(Image-backed grounding data)
○ ○ ○

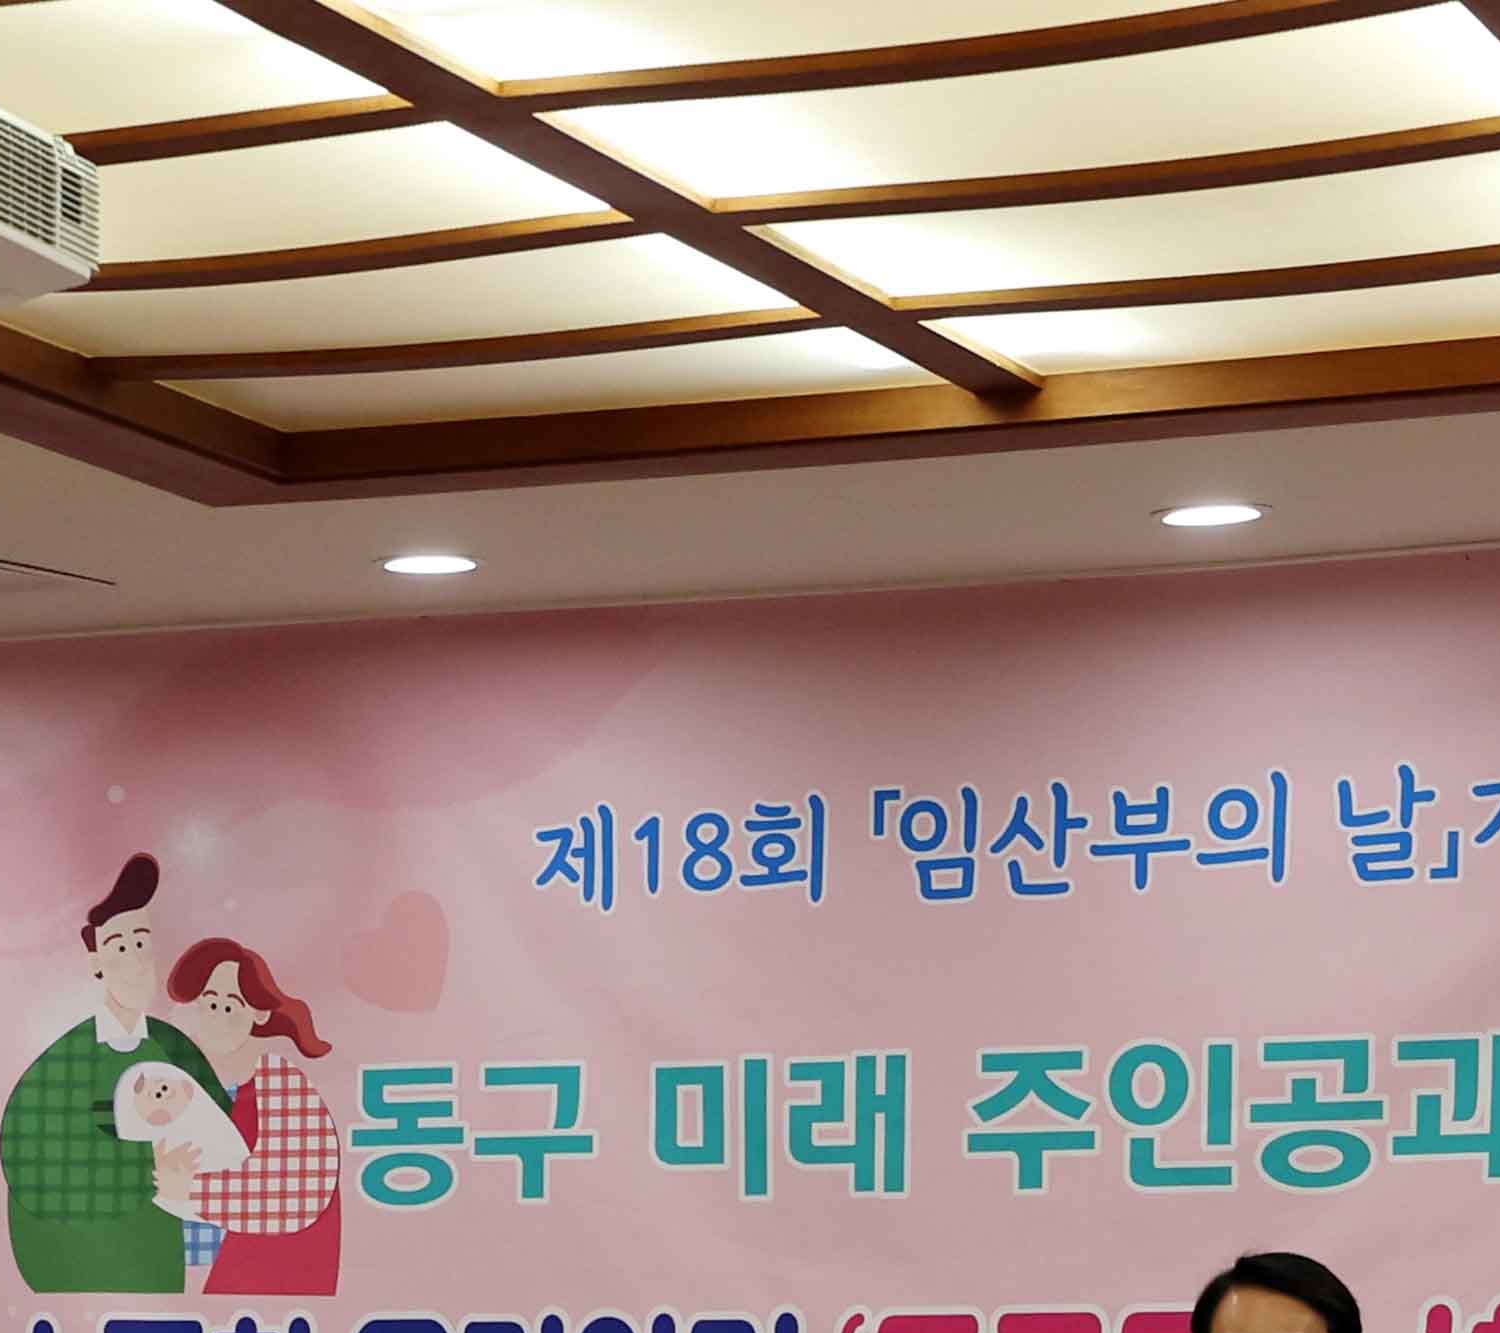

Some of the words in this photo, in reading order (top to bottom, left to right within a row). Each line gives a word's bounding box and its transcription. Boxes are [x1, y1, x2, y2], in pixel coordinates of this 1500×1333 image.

[535, 794, 825, 911] 제18회
[351, 1064, 594, 1205] 동구
[654, 1054, 907, 1196] 미래
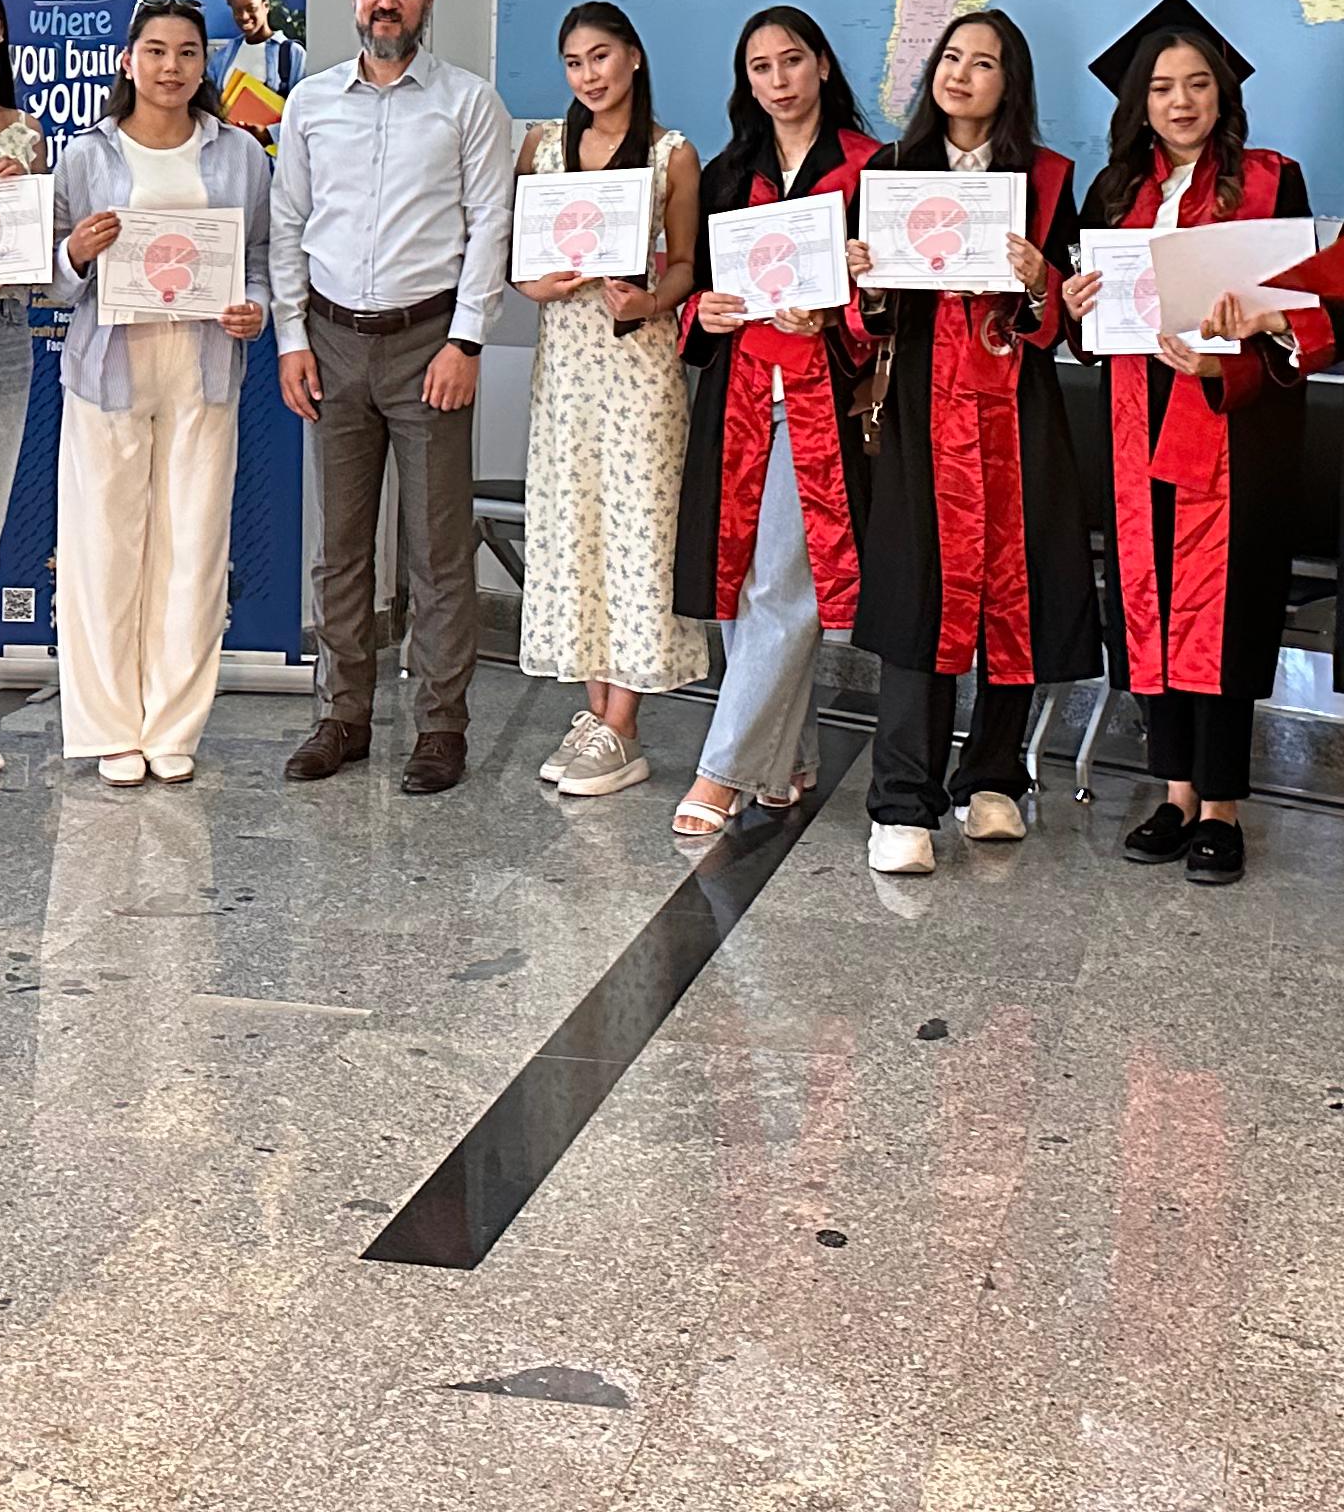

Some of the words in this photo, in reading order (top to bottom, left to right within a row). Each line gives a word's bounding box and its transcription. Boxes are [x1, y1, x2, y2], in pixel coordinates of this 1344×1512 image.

[29, 6, 112, 36] where
[9, 44, 55, 85] you
[29, 82, 110, 127] your

○ ○ ○

WHAT IS NEEDED: The output should consist of the records above, reproduced exactly, without pictures.

ANSWER SECTION:
Some of the words in this photo, in reading order (top to bottom, left to right within a row). Each line gives a word's bounding box and its transcription. Boxes are [x1, y1, x2, y2], in pixel coordinates of this 1500×1333 image.

[535, 794, 825, 911] 제18회
[351, 1064, 594, 1205] 동구
[654, 1054, 907, 1196] 미래

Some of the words in this photo, in reading order (top to bottom, left to right within a row). Each line gives a word's bounding box and its transcription. Boxes are [x1, y1, x2, y2], in pixel coordinates of this 1344×1512 image.

[29, 6, 112, 36] where
[9, 44, 55, 85] you
[29, 82, 110, 127] your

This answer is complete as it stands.